- About this task
From the first line to the last, copy the material word for word; pictures stay out.
- Opening Delimiter -
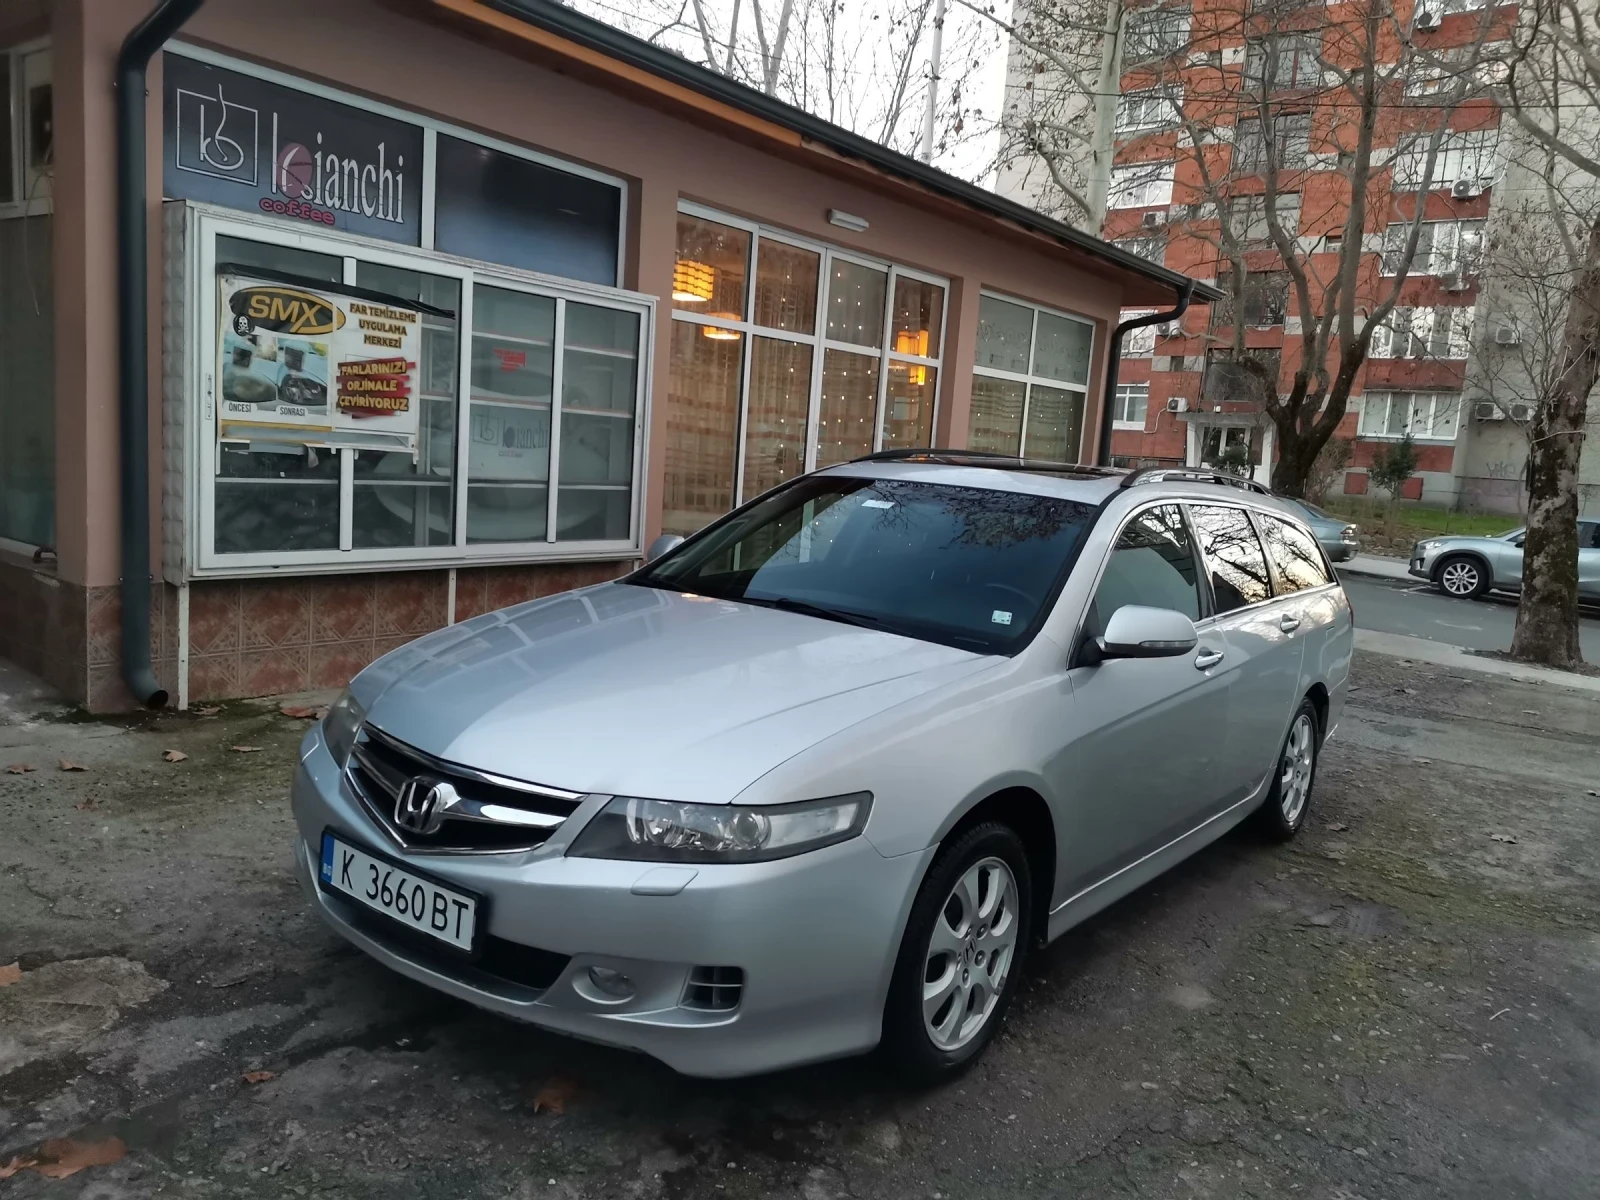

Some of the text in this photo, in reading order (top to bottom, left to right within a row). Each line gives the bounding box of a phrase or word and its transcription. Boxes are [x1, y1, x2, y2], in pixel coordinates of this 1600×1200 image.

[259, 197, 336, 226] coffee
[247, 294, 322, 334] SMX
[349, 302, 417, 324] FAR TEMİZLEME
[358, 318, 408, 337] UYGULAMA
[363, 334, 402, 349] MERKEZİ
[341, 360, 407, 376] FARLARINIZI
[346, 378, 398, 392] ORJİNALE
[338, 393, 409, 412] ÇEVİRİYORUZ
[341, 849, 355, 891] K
- Closing Delimiter -
- Completed exercise
Some of the text in this photo, in reading order (top to bottom, left to right within a row). Each line gives the bounding box of a phrase or word and its transcription. Boxes are [x1, y1, x2, y2], in pixel coordinates of this 1600×1200 image.

[259, 197, 336, 226] coffee
[247, 294, 322, 334] SMX
[349, 302, 417, 324] FAR TEMİZLEME
[358, 318, 408, 337] UYGULAMA
[363, 334, 402, 349] MERKEZİ
[341, 360, 407, 376] FARLARINIZI
[346, 378, 398, 392] ORJİNALE
[338, 393, 409, 412] ÇEVİRİYORUZ
[341, 849, 355, 891] K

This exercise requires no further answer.